Dataset entries
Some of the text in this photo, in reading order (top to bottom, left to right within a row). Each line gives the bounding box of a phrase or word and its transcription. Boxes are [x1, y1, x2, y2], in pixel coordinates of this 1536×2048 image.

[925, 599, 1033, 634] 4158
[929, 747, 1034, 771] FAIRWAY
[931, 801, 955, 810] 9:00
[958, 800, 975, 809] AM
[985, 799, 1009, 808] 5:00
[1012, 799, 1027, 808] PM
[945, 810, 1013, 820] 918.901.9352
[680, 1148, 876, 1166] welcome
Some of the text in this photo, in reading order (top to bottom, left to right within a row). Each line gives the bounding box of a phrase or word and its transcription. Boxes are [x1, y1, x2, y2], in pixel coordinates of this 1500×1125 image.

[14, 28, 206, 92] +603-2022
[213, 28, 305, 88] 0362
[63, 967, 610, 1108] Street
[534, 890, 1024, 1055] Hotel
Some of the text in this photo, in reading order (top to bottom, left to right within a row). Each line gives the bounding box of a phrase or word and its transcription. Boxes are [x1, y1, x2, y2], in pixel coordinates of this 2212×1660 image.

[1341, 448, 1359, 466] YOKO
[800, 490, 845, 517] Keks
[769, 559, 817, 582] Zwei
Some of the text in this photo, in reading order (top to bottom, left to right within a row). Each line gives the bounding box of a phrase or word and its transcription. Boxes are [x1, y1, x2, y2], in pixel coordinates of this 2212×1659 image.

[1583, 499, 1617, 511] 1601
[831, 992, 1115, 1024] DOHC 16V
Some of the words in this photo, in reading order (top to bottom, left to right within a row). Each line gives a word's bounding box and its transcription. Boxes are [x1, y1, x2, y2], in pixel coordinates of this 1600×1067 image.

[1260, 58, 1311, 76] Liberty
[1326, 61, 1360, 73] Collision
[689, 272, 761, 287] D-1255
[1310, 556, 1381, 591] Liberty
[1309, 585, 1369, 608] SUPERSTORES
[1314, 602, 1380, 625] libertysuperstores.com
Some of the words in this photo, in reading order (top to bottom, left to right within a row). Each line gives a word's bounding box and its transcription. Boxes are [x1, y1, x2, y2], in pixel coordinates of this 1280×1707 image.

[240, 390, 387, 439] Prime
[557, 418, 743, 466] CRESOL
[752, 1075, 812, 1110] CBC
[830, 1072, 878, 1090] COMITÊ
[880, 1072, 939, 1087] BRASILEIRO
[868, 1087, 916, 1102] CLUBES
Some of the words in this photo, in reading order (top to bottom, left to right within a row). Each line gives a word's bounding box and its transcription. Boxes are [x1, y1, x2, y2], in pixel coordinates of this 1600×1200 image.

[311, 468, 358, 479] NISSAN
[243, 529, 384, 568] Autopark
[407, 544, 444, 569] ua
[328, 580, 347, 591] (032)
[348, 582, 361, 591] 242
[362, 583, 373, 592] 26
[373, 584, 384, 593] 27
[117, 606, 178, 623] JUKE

__EXERCISE__.
Every record, copied exactly, is the expected answer.

__WRITTEN ANSWER__.
Some of the text in this photo, in reading order (top to bottom, left to right within a row). Each line gives the bounding box of a phrase or word and its transcription. Boxes are [x1, y1, x2, y2], in pixel coordinates of this 1536×2048 image.

[925, 599, 1033, 634] 4158
[929, 747, 1034, 771] FAIRWAY
[931, 801, 955, 810] 9:00
[958, 800, 975, 809] AM
[985, 799, 1009, 808] 5:00
[1012, 799, 1027, 808] PM
[945, 810, 1013, 820] 918.901.9352
[680, 1148, 876, 1166] welcome
Some of the text in this photo, in reading order (top to bottom, left to right within a row). Each line gives the bounding box of a phrase or word and its transcription. Boxes are [x1, y1, x2, y2], in pixel coordinates of this 1500×1125 image.

[14, 28, 206, 92] +603-2022
[213, 28, 305, 88] 0362
[63, 967, 610, 1108] Street
[534, 890, 1024, 1055] Hotel
Some of the text in this photo, in reading order (top to bottom, left to right within a row). Each line gives the bounding box of a phrase or word and its transcription. Boxes are [x1, y1, x2, y2], in pixel coordinates of this 2212×1660 image.

[1341, 448, 1359, 466] YOKO
[800, 490, 845, 517] Keks
[769, 559, 817, 582] Zwei
Some of the text in this photo, in reading order (top to bottom, left to right within a row). Each line gives the bounding box of a phrase or word and its transcription. Boxes are [x1, y1, x2, y2], in pixel coordinates of this 2212×1659 image.

[1583, 499, 1617, 511] 1601
[831, 992, 1115, 1024] DOHC 16V
Some of the words in this photo, in reading order (top to bottom, left to right within a row). Each line gives a word's bounding box and its transcription. Boxes are [x1, y1, x2, y2], in pixel coordinates of this 1600×1067 image.

[1260, 58, 1311, 76] Liberty
[1326, 61, 1360, 73] Collision
[689, 272, 761, 287] D-1255
[1310, 556, 1381, 591] Liberty
[1309, 585, 1369, 608] SUPERSTORES
[1314, 602, 1380, 625] libertysuperstores.com
Some of the words in this photo, in reading order (top to bottom, left to right within a row). Each line gives a word's bounding box and its transcription. Boxes are [x1, y1, x2, y2], in pixel coordinates of this 1280×1707 image.

[240, 390, 387, 439] Prime
[557, 418, 743, 466] CRESOL
[752, 1075, 812, 1110] CBC
[830, 1072, 878, 1090] COMITÊ
[880, 1072, 939, 1087] BRASILEIRO
[868, 1087, 916, 1102] CLUBES
Some of the words in this photo, in reading order (top to bottom, left to right within a row). Each line gives a word's bounding box and its transcription. Boxes are [x1, y1, x2, y2], in pixel coordinates of this 1600×1200 image.

[311, 468, 358, 479] NISSAN
[243, 529, 384, 568] Autopark
[407, 544, 444, 569] ua
[328, 580, 347, 591] (032)
[348, 582, 361, 591] 242
[362, 583, 373, 592] 26
[373, 584, 384, 593] 27
[117, 606, 178, 623] JUKE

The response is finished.